▸ **WORK INSTRUCTION**:
Print the listing as it stands, omitting all images.

▸ **INPUT RECORDS**:
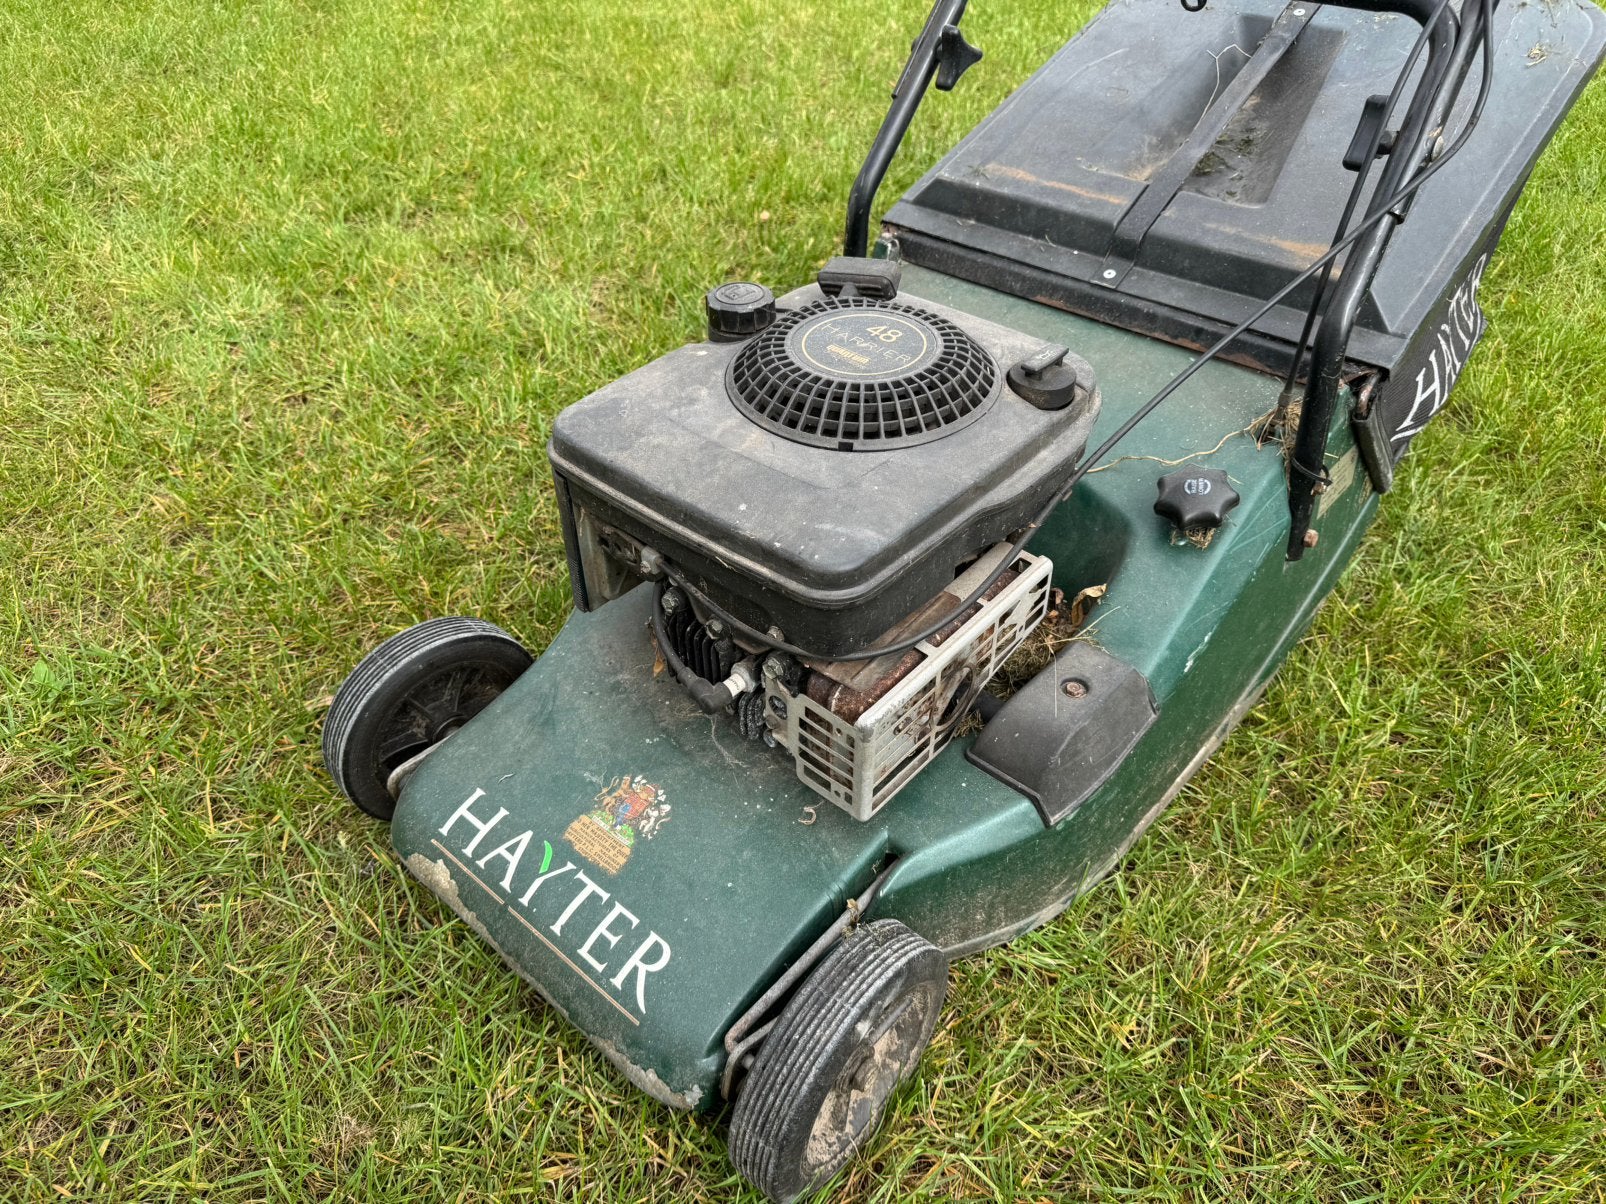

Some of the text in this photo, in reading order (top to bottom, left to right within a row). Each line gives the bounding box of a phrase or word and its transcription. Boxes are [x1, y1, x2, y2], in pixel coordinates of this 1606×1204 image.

[821, 322, 912, 363] HARRIER
[866, 324, 902, 343] 48
[438, 787, 671, 1015] HAYTER
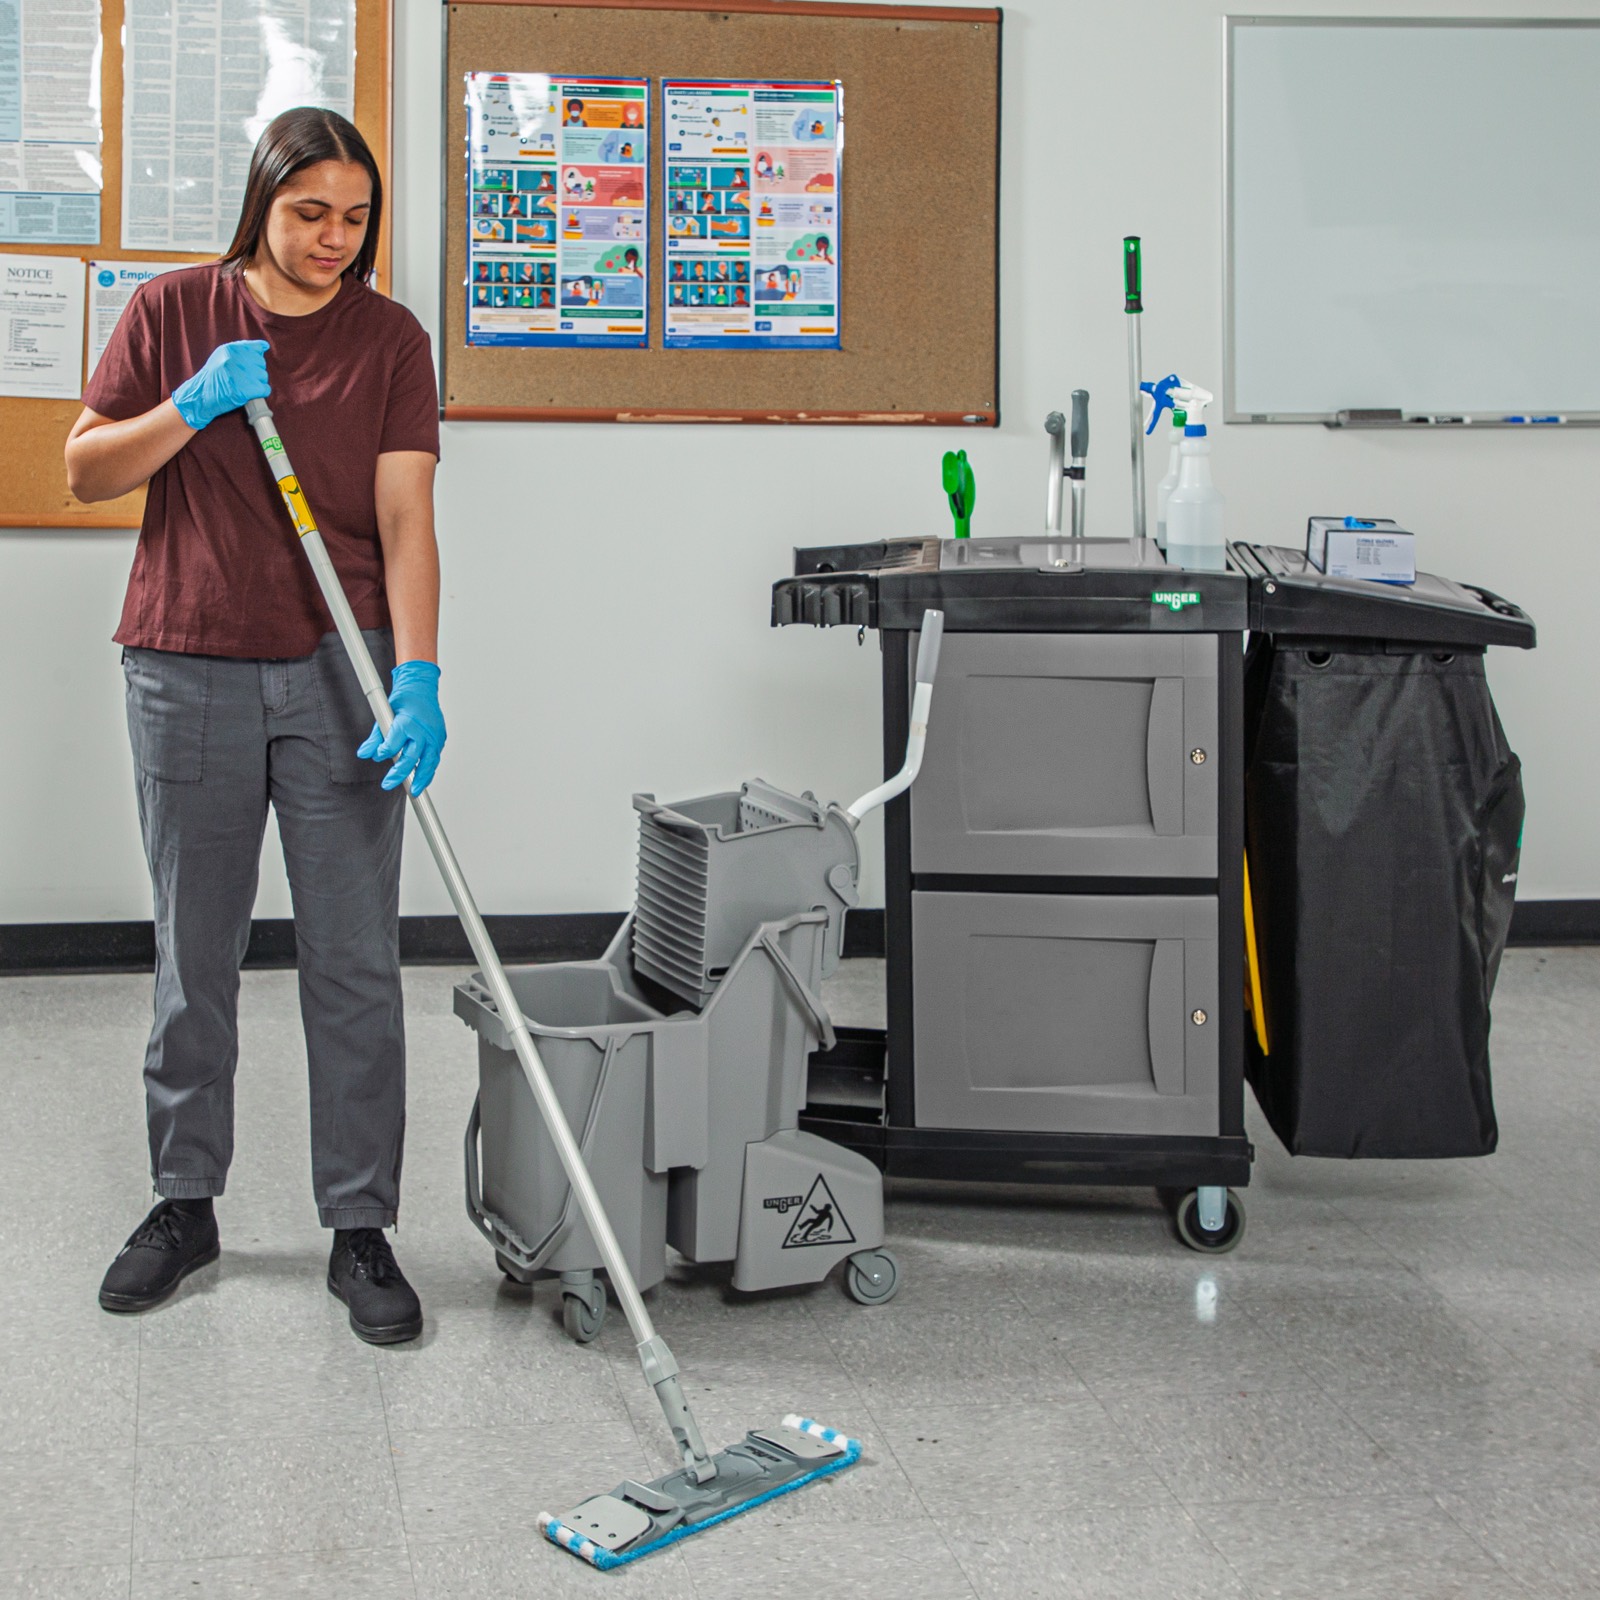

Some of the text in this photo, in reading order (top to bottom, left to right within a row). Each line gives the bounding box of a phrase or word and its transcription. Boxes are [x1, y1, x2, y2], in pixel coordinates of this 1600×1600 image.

[7, 267, 53, 280] NOTICE
[1155, 592, 1197, 609] UNGER
[765, 1197, 801, 1211] UNGER

▸ **TASK RESULT**:
Some of the text in this photo, in reading order (top to bottom, left to right within a row). Each line gives the bounding box of a phrase or word and its transcription. Boxes are [x1, y1, x2, y2], in pixel coordinates of this 1606×1204 image.

[821, 322, 912, 363] HARRIER
[866, 324, 902, 343] 48
[438, 787, 671, 1015] HAYTER

Some of the text in this photo, in reading order (top to bottom, left to right within a row). Each line gives the bounding box of a phrase or word and its transcription. Boxes are [x1, y1, x2, y2], in pixel coordinates of this 1600×1600 image.

[7, 267, 53, 280] NOTICE
[1155, 592, 1197, 609] UNGER
[765, 1197, 801, 1211] UNGER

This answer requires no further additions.